Her work, taken as a whole, posits a central thesis: that power operates through interconnected axes, where the regulation of gender and sexuality is inextricably linked to the dominant ideologies of nation, caste, and religion. Across her work, a single, resonant chord is struck: power is not a monolith but a rhizome. At the heart of this vision is a sophisticated theoretical framework deeply indebted to post-structuralist feminism, particularly the work of philosopher Judith Butler. Perundevi explicitly rejects essentialist understandings of “man” or “woman,” deliberately employing the Tamil term tannilai (subject/subjectivity) over suyam (self) to emphasise that identity is not a pre-given essence but is a constant state of becoming, forged in the crucible of social and historical forces and their attendant discourses. This lens offers a devastatingly clear insight: sexual violence is not a mere sequence of criminal acts but a complex “social practice” (camūkac ceyalpāṭu), a brutal, systemic ritual designed to produce and police gendered subjects within a suffocating heteronormative order. As she clarifies, her focus is on “the social violence that regulates sexualities,” shifting the analysis from singular events to the continuous, systemic pressures that shape and control individuals. By refusing to place caste, gender, and religion in separate intellectual silos, she reveals the deep, unifying grammar of oppression.
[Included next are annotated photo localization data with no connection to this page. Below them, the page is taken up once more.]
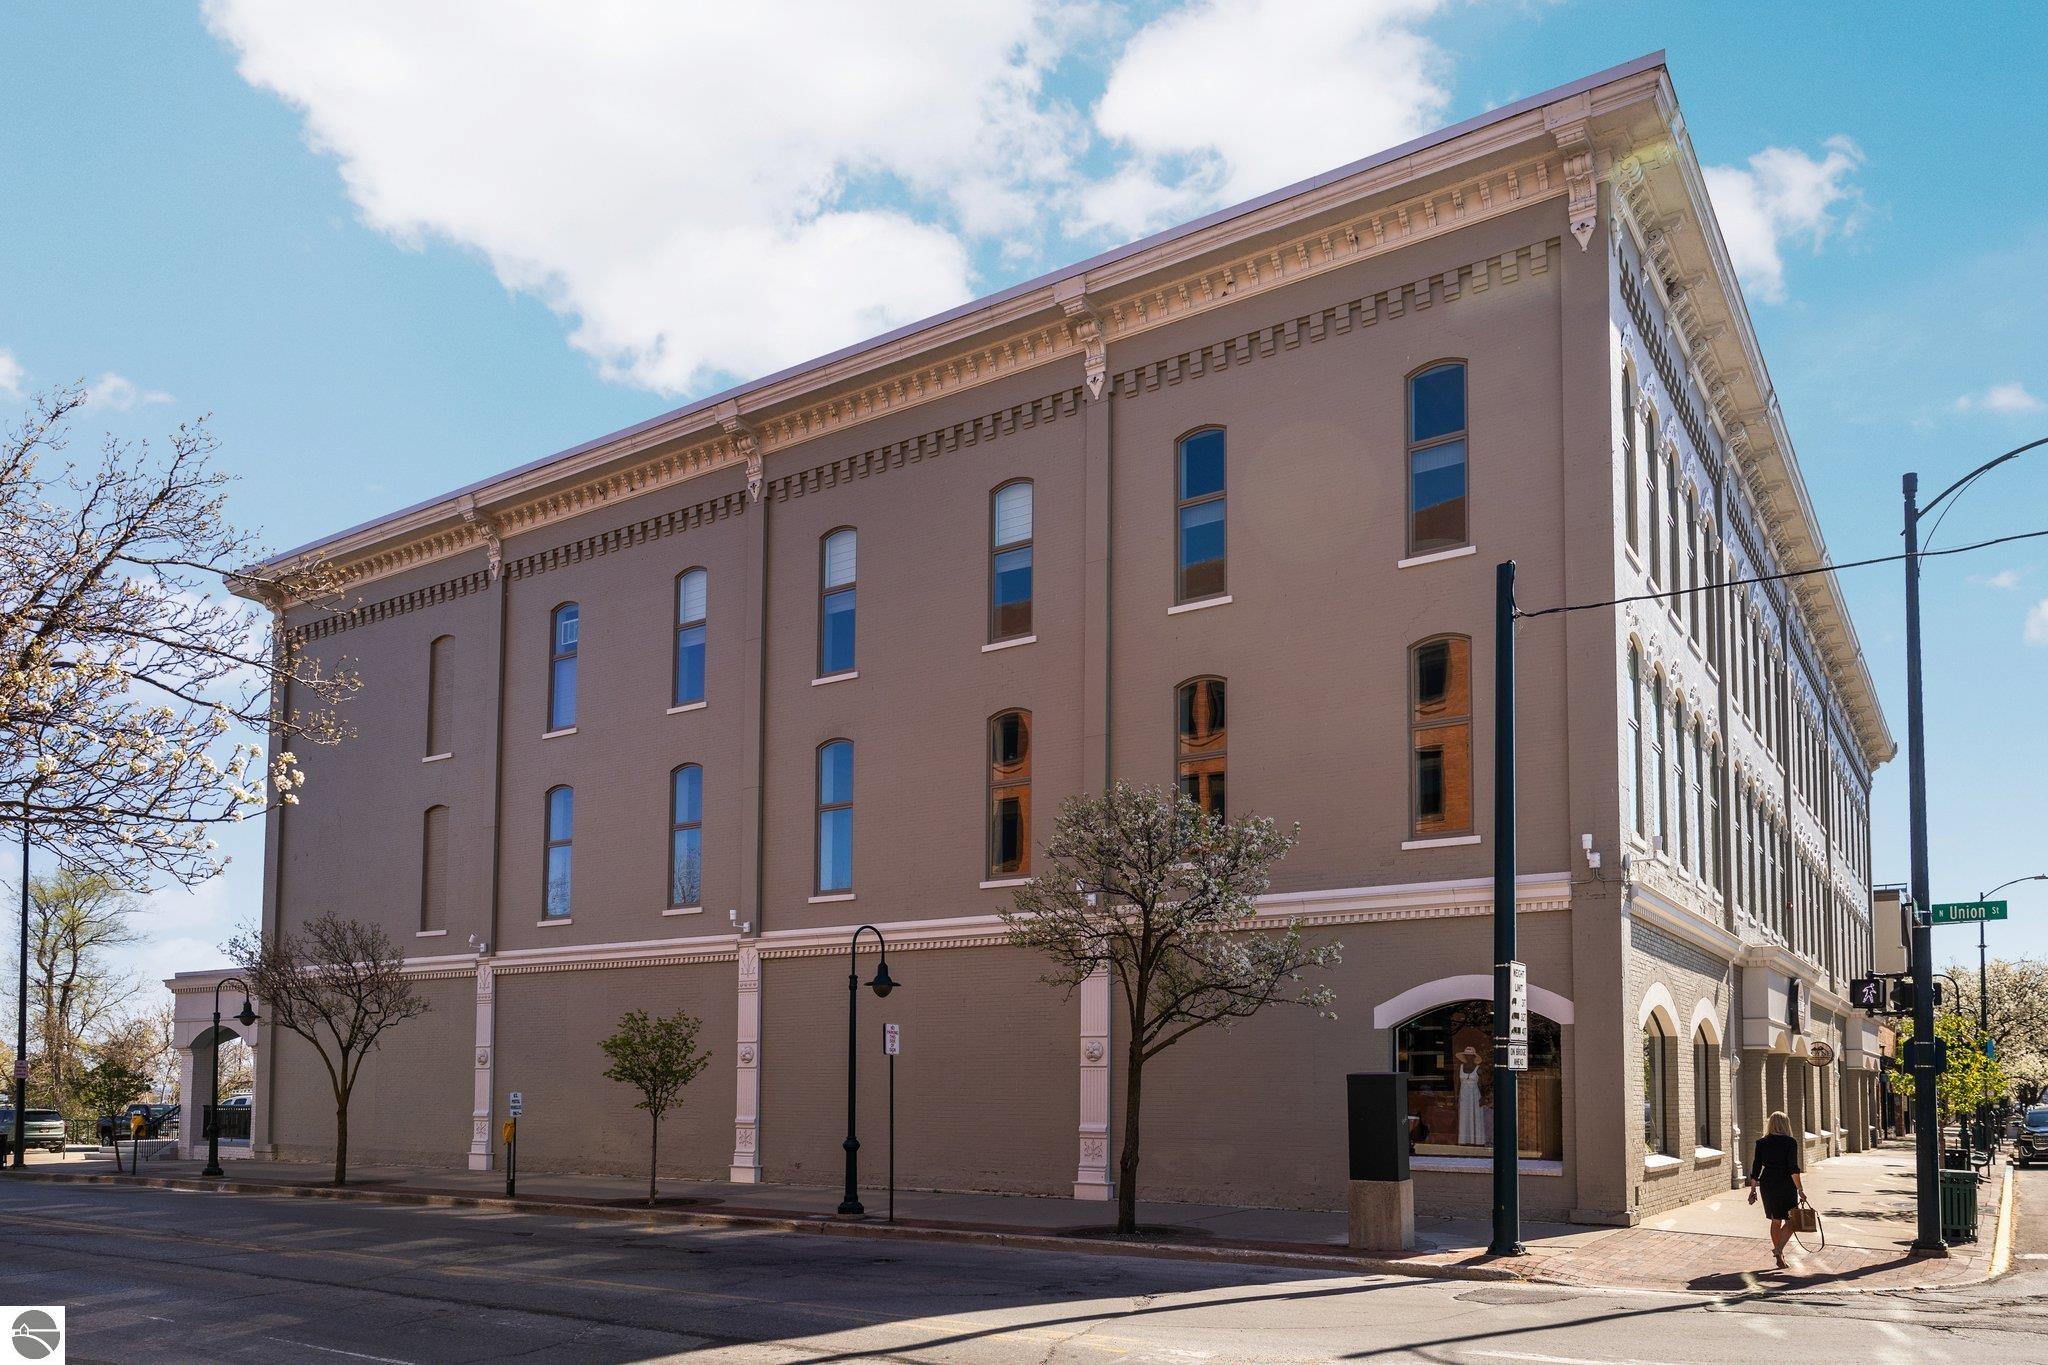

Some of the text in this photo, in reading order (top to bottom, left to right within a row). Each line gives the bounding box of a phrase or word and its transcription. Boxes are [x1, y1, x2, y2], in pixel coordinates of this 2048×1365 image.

[1949, 905, 1986, 920] Union
[1991, 906, 2000, 915] St
[1510, 1048, 1527, 1056] ON BRIDGE
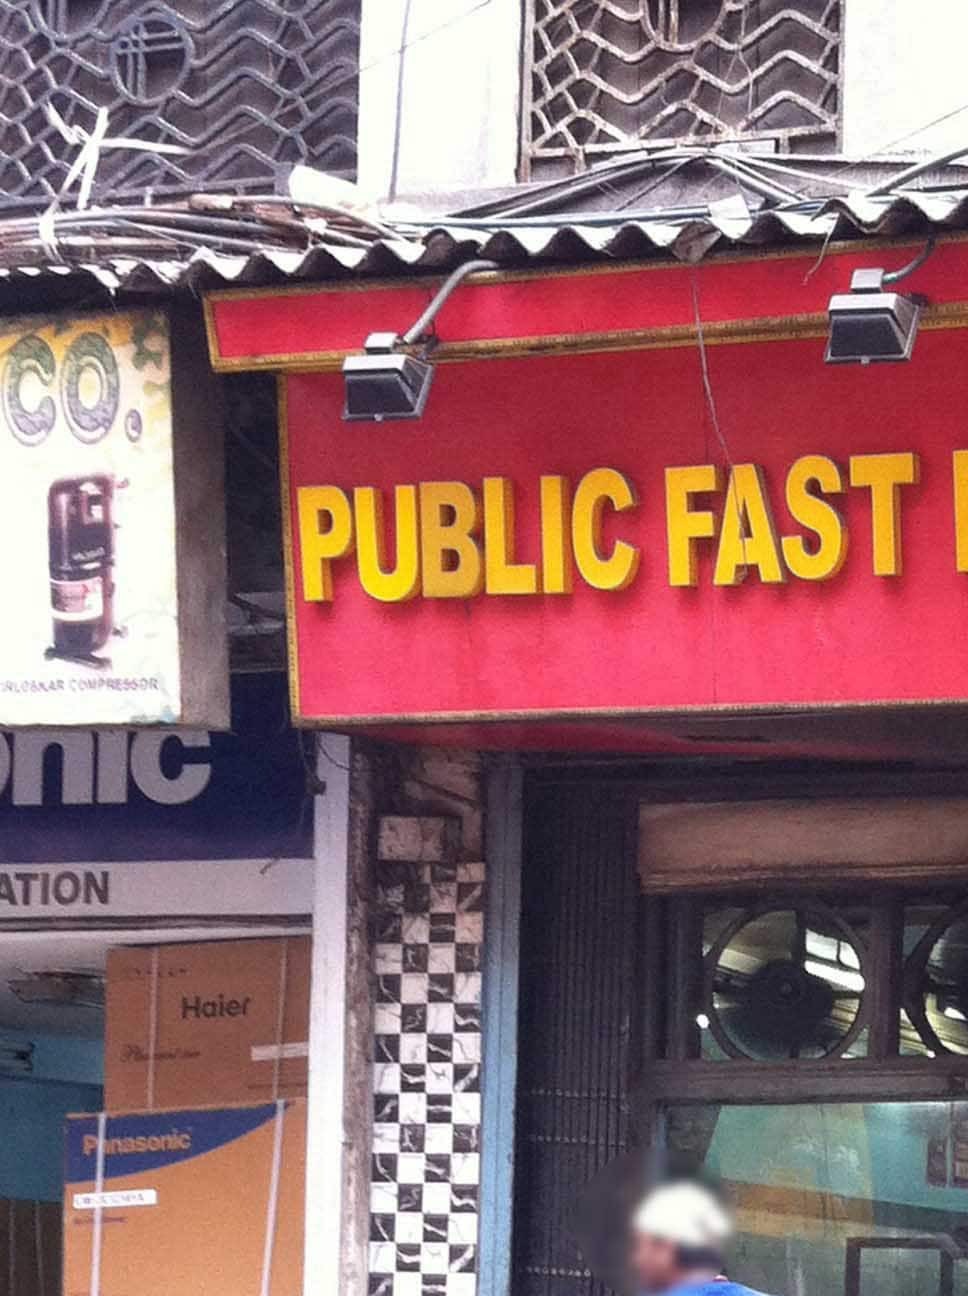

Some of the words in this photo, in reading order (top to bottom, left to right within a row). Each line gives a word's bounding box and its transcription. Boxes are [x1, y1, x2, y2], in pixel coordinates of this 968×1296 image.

[1, 331, 142, 447] CO.
[297, 466, 641, 603] PUBLIC
[665, 450, 920, 588] FAST
[0, 730, 211, 805] nic
[181, 994, 251, 1018] Haier
Integral to this intellectual project is a conscious and deliberate philosophy of language. Perundevi recognizes that to introduce new theoretical paradigms into Tamil discourse is to forge a new lexicon, a task she undertakes with intellectual precision, even at the risk of challenging readerly comfort. In her preface to Udal-Paal-Porul, she reflects on the difficulty of finding appropriate technical terms/jargons (kalaiccoṟkaḷ), noting that a word like etirpāliyal (heteronormativity) might initially appear “coarse” (karuṭumuraṭākat terikiṟatu). However, she defends this aesthetic choice as a necessity for intellectual progress, asking, “But without words that we are not so accustomed to, how can we advance new approaches, new inquiries?” Her prose is not for adornment; it is a precise tool for deconstruction, deliberately moving beyond lyrical ease and “worn-out slogans” to build a vocabulary capable of dismantling entrenched power structures. This forging of new kalaiccoṟkaḷ is itself a political act, creating the very language needed to articulate a new vision of social reality.
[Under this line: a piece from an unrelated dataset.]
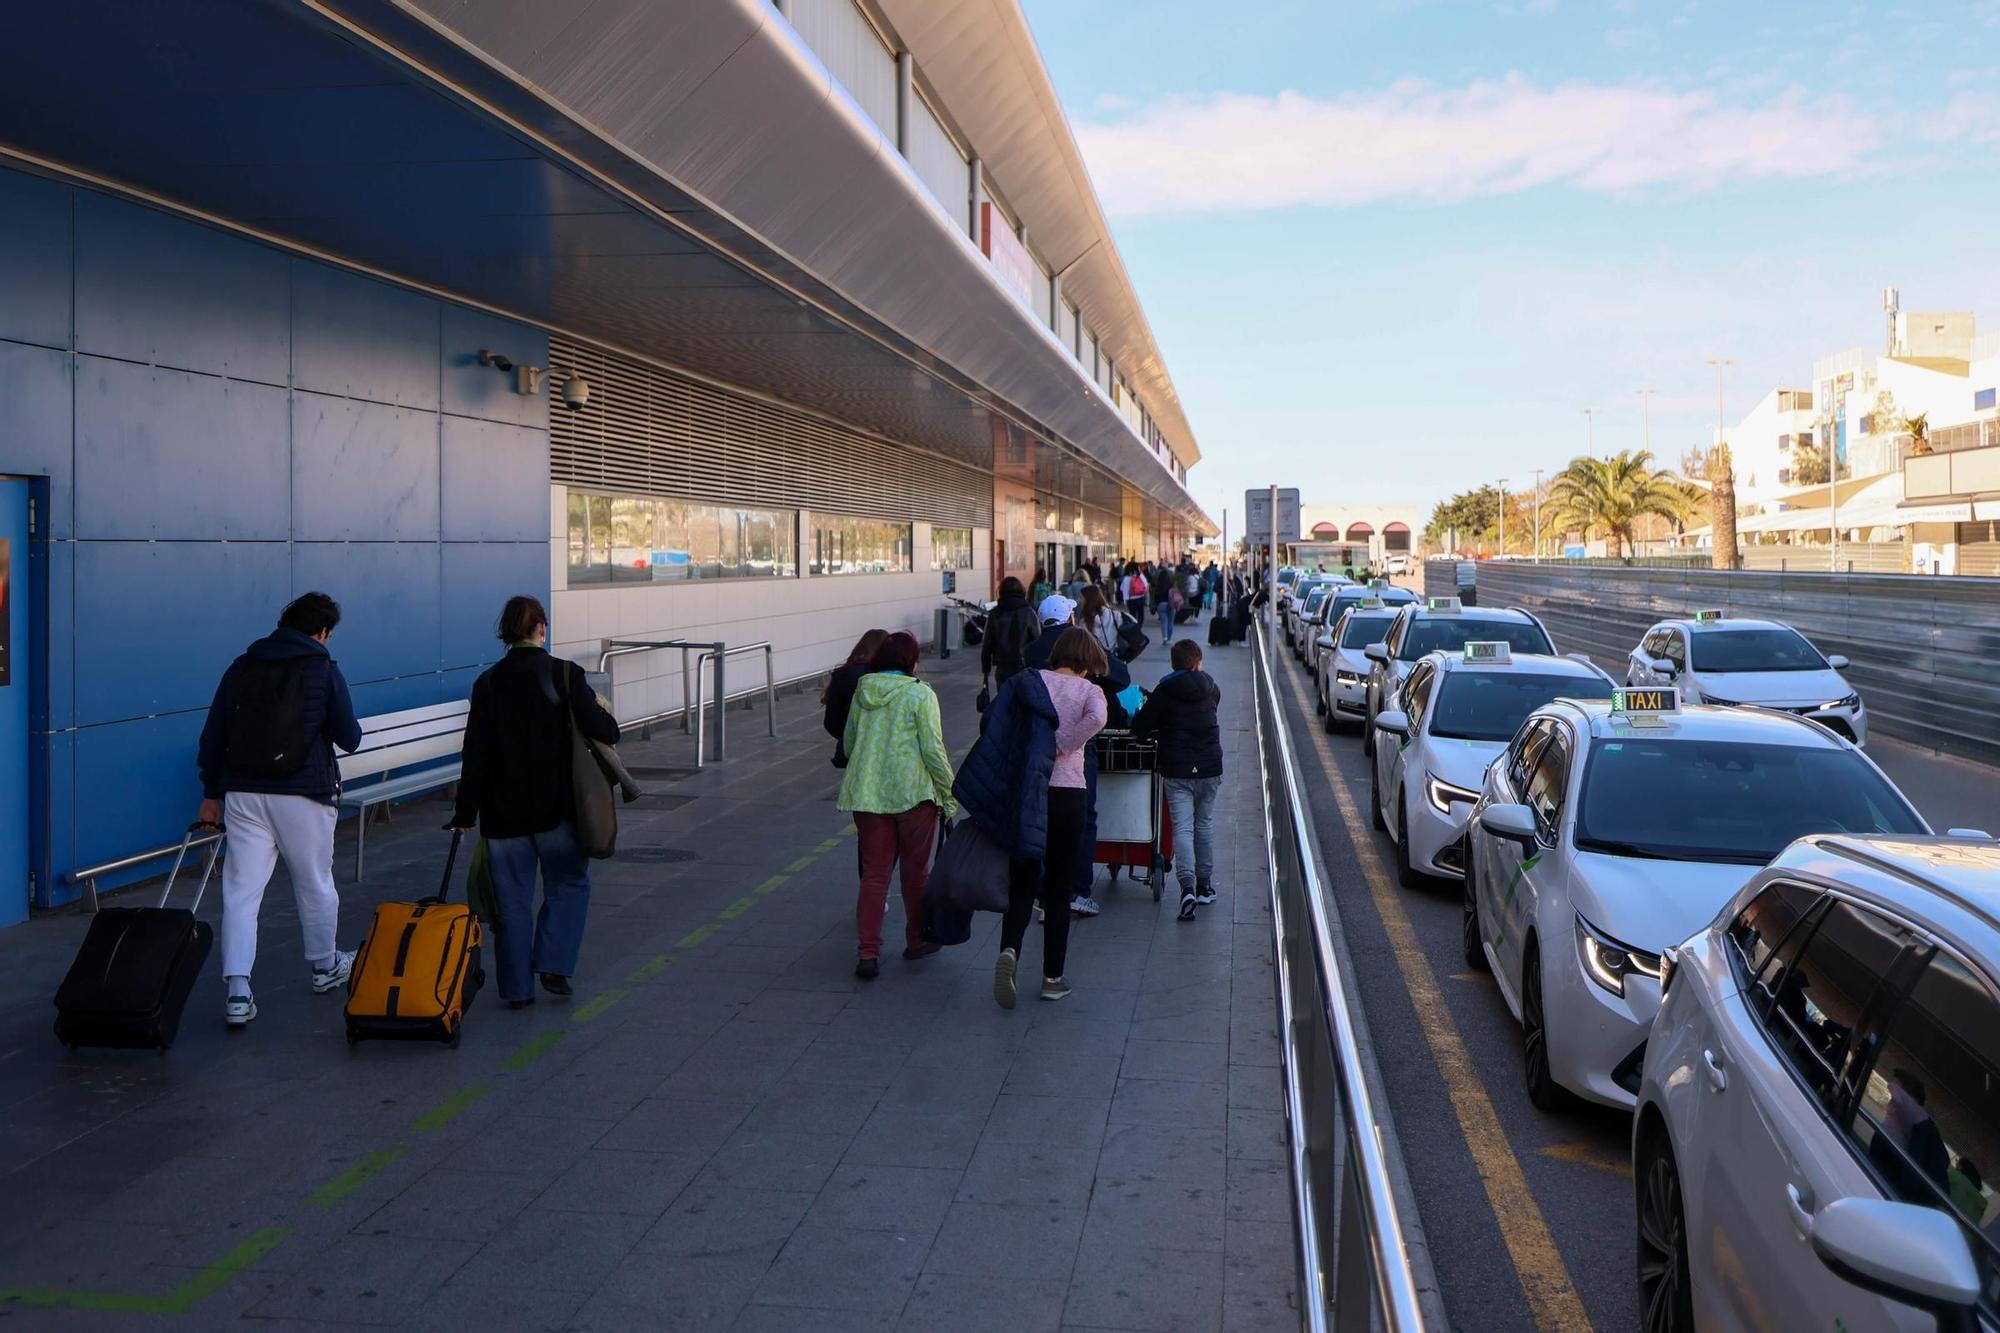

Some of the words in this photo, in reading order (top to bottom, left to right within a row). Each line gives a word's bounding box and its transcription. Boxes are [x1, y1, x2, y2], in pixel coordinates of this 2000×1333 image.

The Blade of Intersectionality: Deconstructing Violence, Language, and Culture

Perundevi’s sharp analytical method is most potent when turned toward the raw wounds of caste and gender violence. In her deconstruction of so-called “honour killings,” she powerfully critiques the very term kauravak kolai (honour killing) as a political and ethical misdirection. The phrase, she argues, is a poison chalice: it validates the perpetrator’s worldview by centering their “honour” (kauravam) while simultaneously allowing dominant discourses—both Western and Indian- to frame the violence as a primitive pathology of “other” communities, such as those in South Asia or Islamic cultures. This focus on the ephemeral emotion of “honour” conveniently veils the material realities of property, political consolidation, and the raw assertion of caste dominance. In its place, she insists on a term of stark clarity: peṇ virōta cātiyak kolai (misogynistic caste killing), a linguistic intervention that drags the brutalised woman (peṇ) and the structure of caste back into the unforgiving light.
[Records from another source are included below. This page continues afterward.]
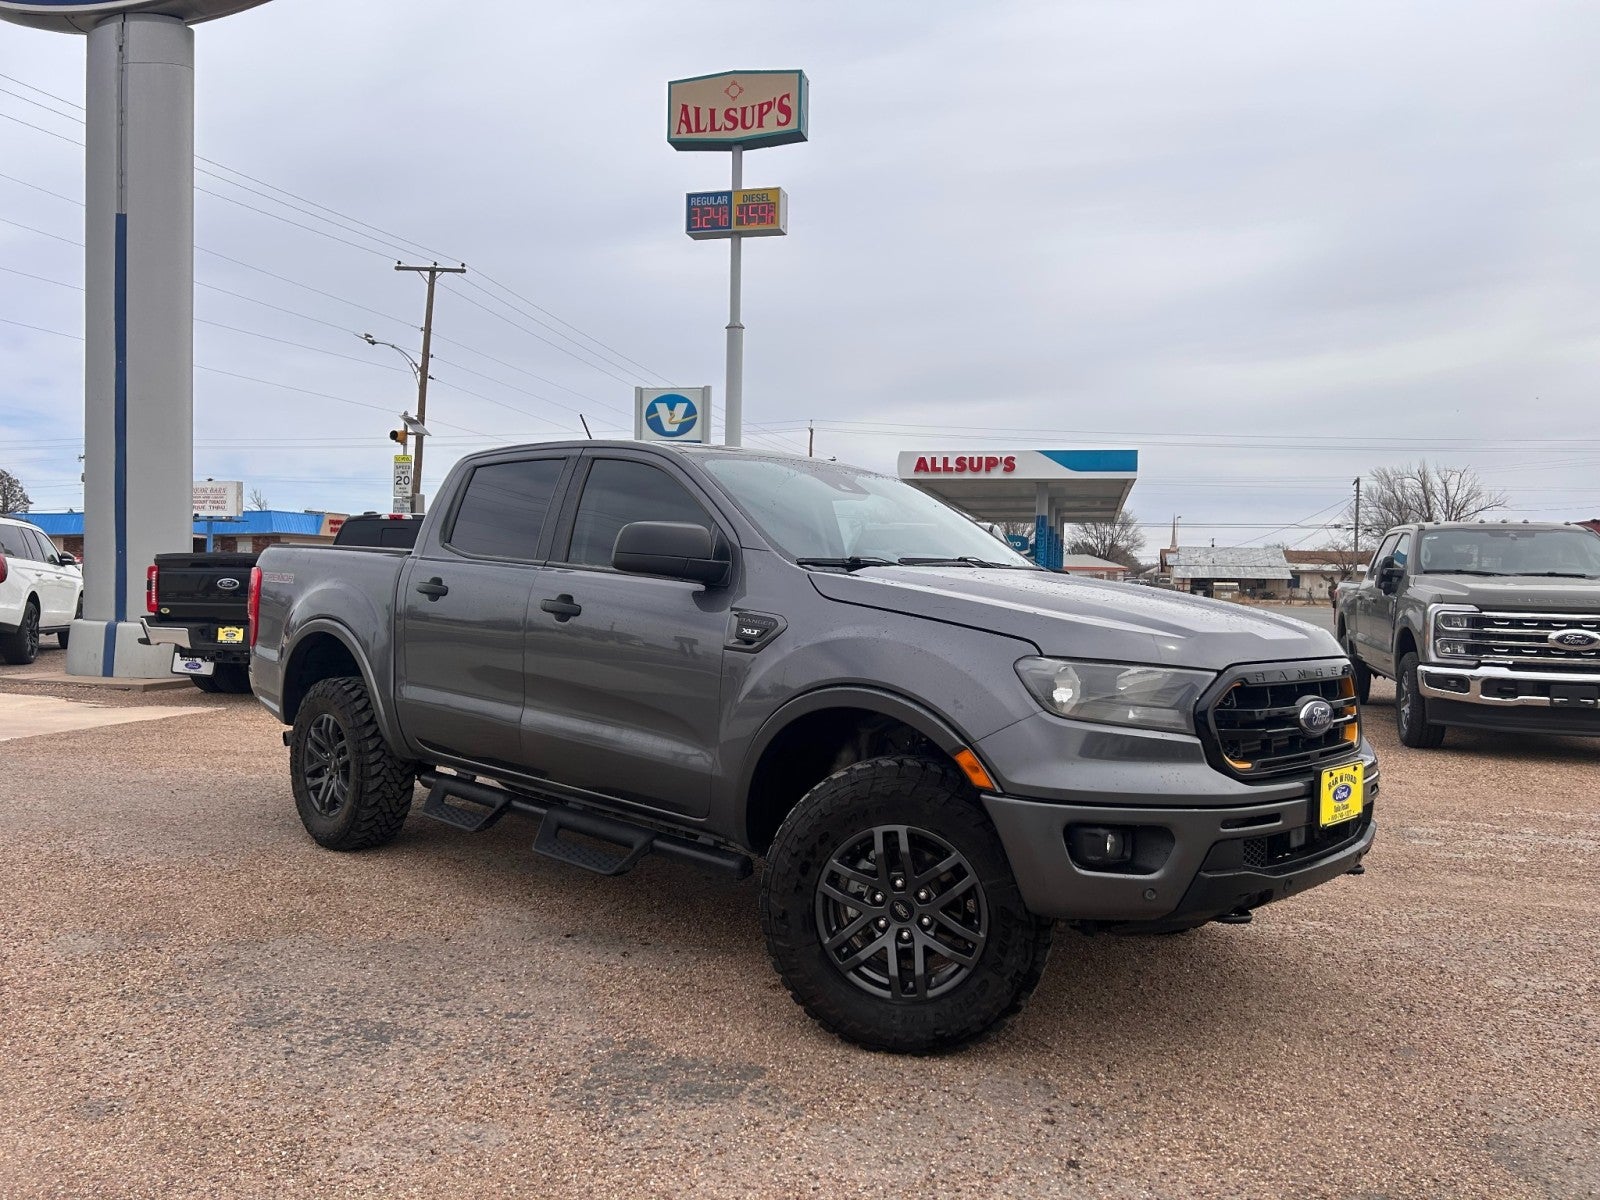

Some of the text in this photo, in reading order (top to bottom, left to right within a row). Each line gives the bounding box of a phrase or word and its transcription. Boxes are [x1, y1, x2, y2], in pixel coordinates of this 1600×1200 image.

[676, 93, 792, 135] ALLSUP'S
[691, 193, 771, 206] REGULAR DIESEL
[914, 456, 1016, 473] ALLSUP'S
[395, 475, 410, 486] 20
[740, 617, 775, 627] RANGER
[741, 627, 761, 636] XLT
[1563, 634, 1590, 646] Ford
[1255, 666, 1342, 682] RANGE
[1311, 706, 1331, 726] Ford
[1344, 773, 1357, 785] FORD
[1335, 785, 1349, 800] Ford
This same critical intensity illuminates her analyses of contemporary events. In dissecting the sexual harassment allegation against former Chief Justice of India, Ranjan Gogoi, she theorizes how institutional powers work in concert to invalidate female testimony, perceiving them not as a series of isolated opinions but as a unified “circulatory system” of doubt. A woman’s words, she argues, are immediately rendered a “tainted witness” (kaṟaipaṭinta cāṭciyam) because they are “inconvenient truths” (vacatiyaṟṟa uṇmaikaḷ) that threaten to disrupt established power structures. Similarly, she frames the Pollachi sexual abuse scandal not merely as a series of assaults but as a violent enforcement of “family order” (kuṭumpa oḻuṅku), where the policing of female desire is central to maintaining social hierarchies.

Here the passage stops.